(Annotated photo localization data)
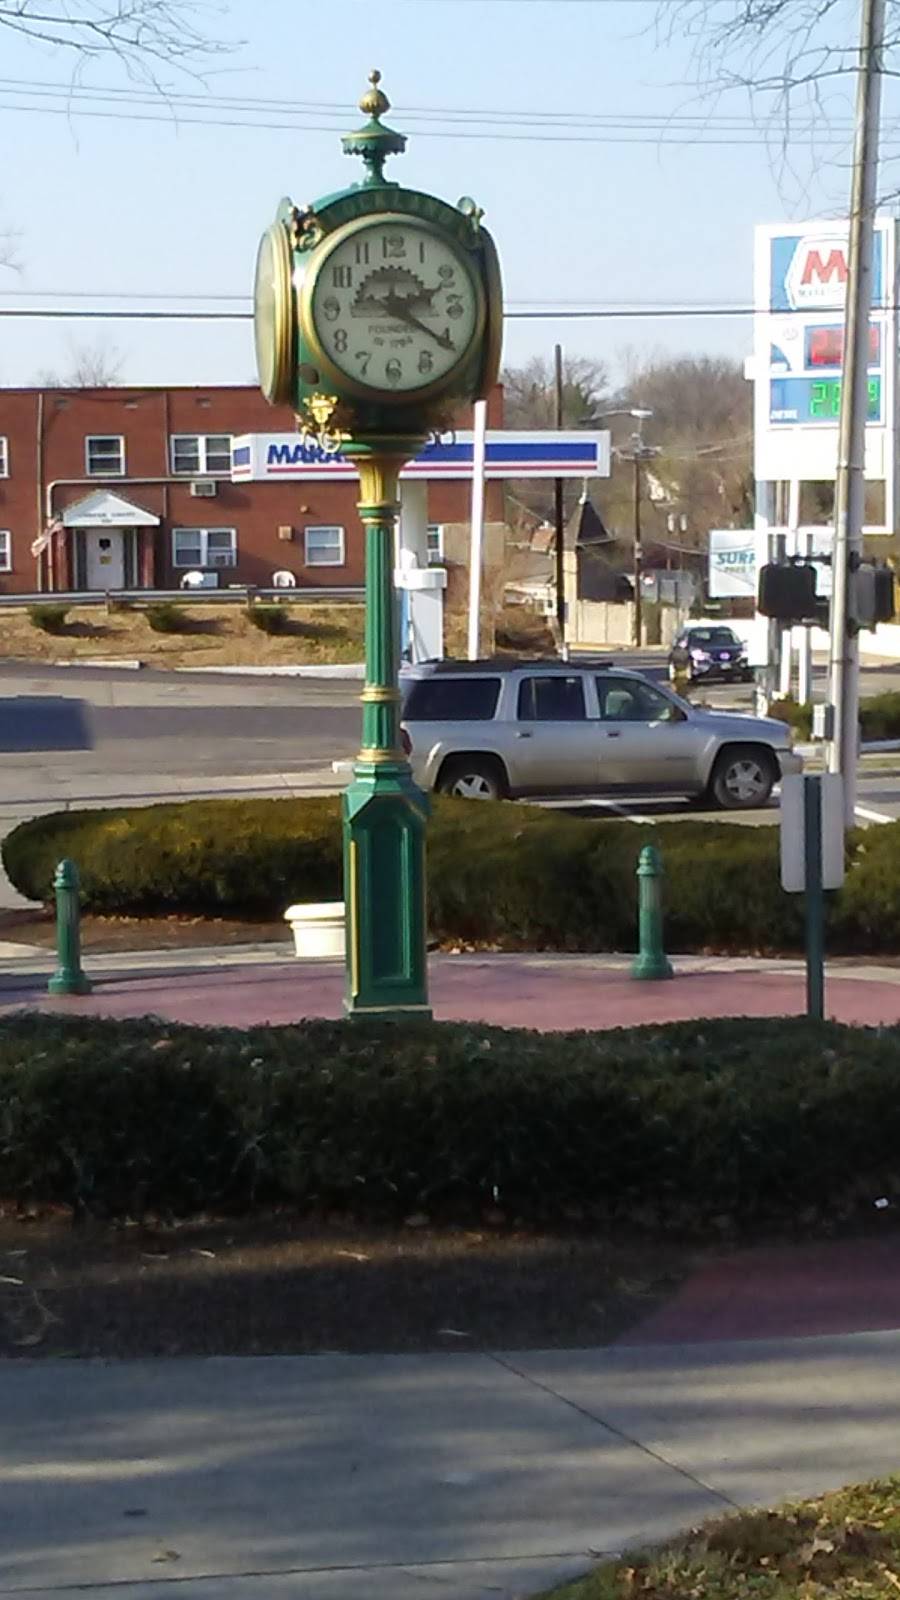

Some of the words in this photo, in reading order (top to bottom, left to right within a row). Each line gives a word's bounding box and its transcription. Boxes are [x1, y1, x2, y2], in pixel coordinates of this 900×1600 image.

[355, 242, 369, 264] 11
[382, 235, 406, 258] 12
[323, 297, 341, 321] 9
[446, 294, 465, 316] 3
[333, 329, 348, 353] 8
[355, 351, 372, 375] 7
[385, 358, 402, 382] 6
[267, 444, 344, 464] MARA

▶ **TASK PROMPT**:
Copy each line of the records above without change, but do not include any picture.

▶ **OUTPUT OF THE EXERCISE**:
Some of the words in this photo, in reading order (top to bottom, left to right within a row). Each line gives a word's bounding box and its transcription. Boxes are [x1, y1, x2, y2], in pixel coordinates of this 900×1600 image.

[355, 242, 369, 264] 11
[382, 235, 406, 258] 12
[323, 297, 341, 321] 9
[446, 294, 465, 316] 3
[333, 329, 348, 353] 8
[355, 351, 372, 375] 7
[385, 358, 402, 382] 6
[267, 444, 344, 464] MARA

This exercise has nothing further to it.